I spent nearly a decade in Denver (our children were born there) and I will always keep an eye on what is happening in Colorado. Thus, let me work through parts of an “On Religion” column that I wrote in 2017. Here is the overture:
Anyone trying to reach Cason Kurowski and his family at night in their home outside Denver needs to remember one thing.
Unlike most high-school juniors, Kurowski doesn't keep his smartphone within an arm's length of his pillow. In fact, the whole family leaves mobile phones downstairs at night, including his parents. …
Wait, there's more. Back in September, Kurowski and some friends made strategic — some would say radical — tech changes after the news of two teen suicides, in two days, at area schools. Some students in this circle were friends with a … student who committed suicide last year.
After several planning sessions, they launched Offline October and urged friends to delete four specific apps — Snapchat, Instagram, Facebook and Twitter — from their phones for a month. The goal, Kurowski explained, was to stop "hiding behind screens. … We wanted to try spending more time face to face, instead of just looking at phones."
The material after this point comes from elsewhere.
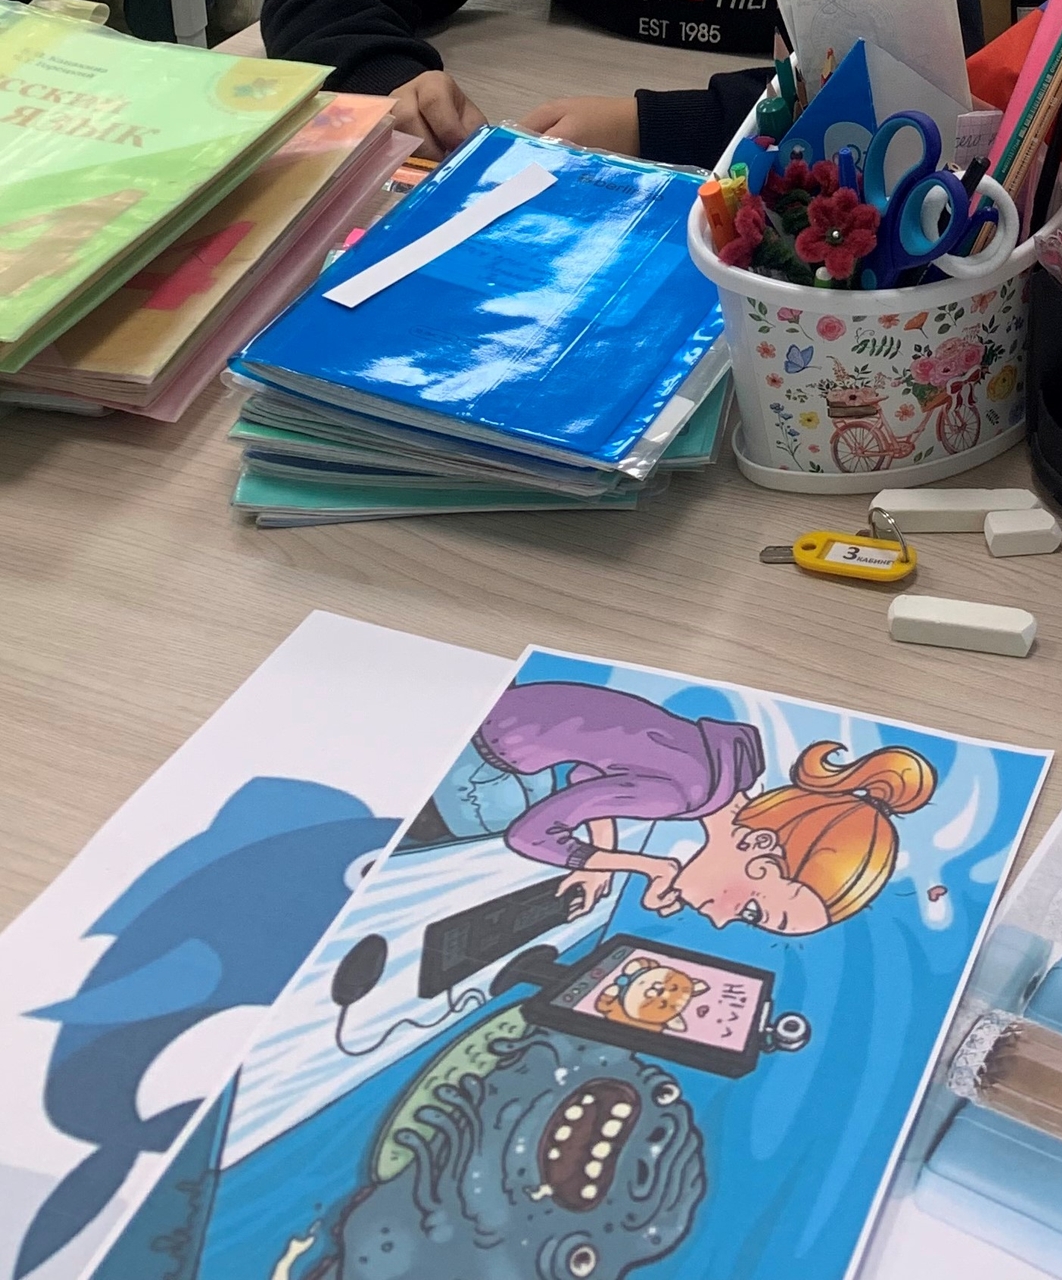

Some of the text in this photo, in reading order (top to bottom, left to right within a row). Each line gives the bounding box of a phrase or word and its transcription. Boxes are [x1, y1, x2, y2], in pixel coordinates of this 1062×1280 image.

[639, 18, 721, 44] EST 1985
[843, 546, 860, 560] 3
The project grew through word of mouth, calls, emails, texts and, ironically, social media. Local news coverage helped spread this slogan: "Don't post a story. Live one."
Yes, if you visit that Offline October feed on X, you will find that it has been inactive for several years. Doing some online digging, I have not been able to find out if this project remains alive or not.
Hold that thought. I still think that people who are concerned about screen-culture issues can learn from this project organized by some young people in a specific place, at a specific time, for some specific reasons.
The key is that these Catholic young people began organizing events that brought them together — face to face — to do real things in the real world. They played board games, took hikes, learned how to cook and did church-related service projects. This project, however briefly, affected how they spent their time, how they spent their money and how they made their decisions.
Let’s keep reading. It’s crucial that someone in the Catholic Archdiocese of Denver passed information about this effort to the boss.
Archbishop Samuel J. Aquila knew all about the suicides, of course, with 72 Colorado students taking their own lives in 2015 and another 68 in 2016. He was intrigued by the Offline October response.
"One theme that I see running through the stories of teens who struggle with suicidal thoughts is the pervasive influence of social media on their identity and sense of self-worth," stressed Aquila, in his regular Denver Catholic column. "The teenage years have always been a time of uncertainty, as physiological and emotional development takes place."
It's controversial, of course, to link smartphones, social media and suicide. But the painful reality is that bullying is often linked to suicide, wrote the archbishop, and bullies now use social-media apps — along with the nearly 80 percent of ordinary teens whose daily lives include regular, or obsessive, use of Snapchat and Instagram.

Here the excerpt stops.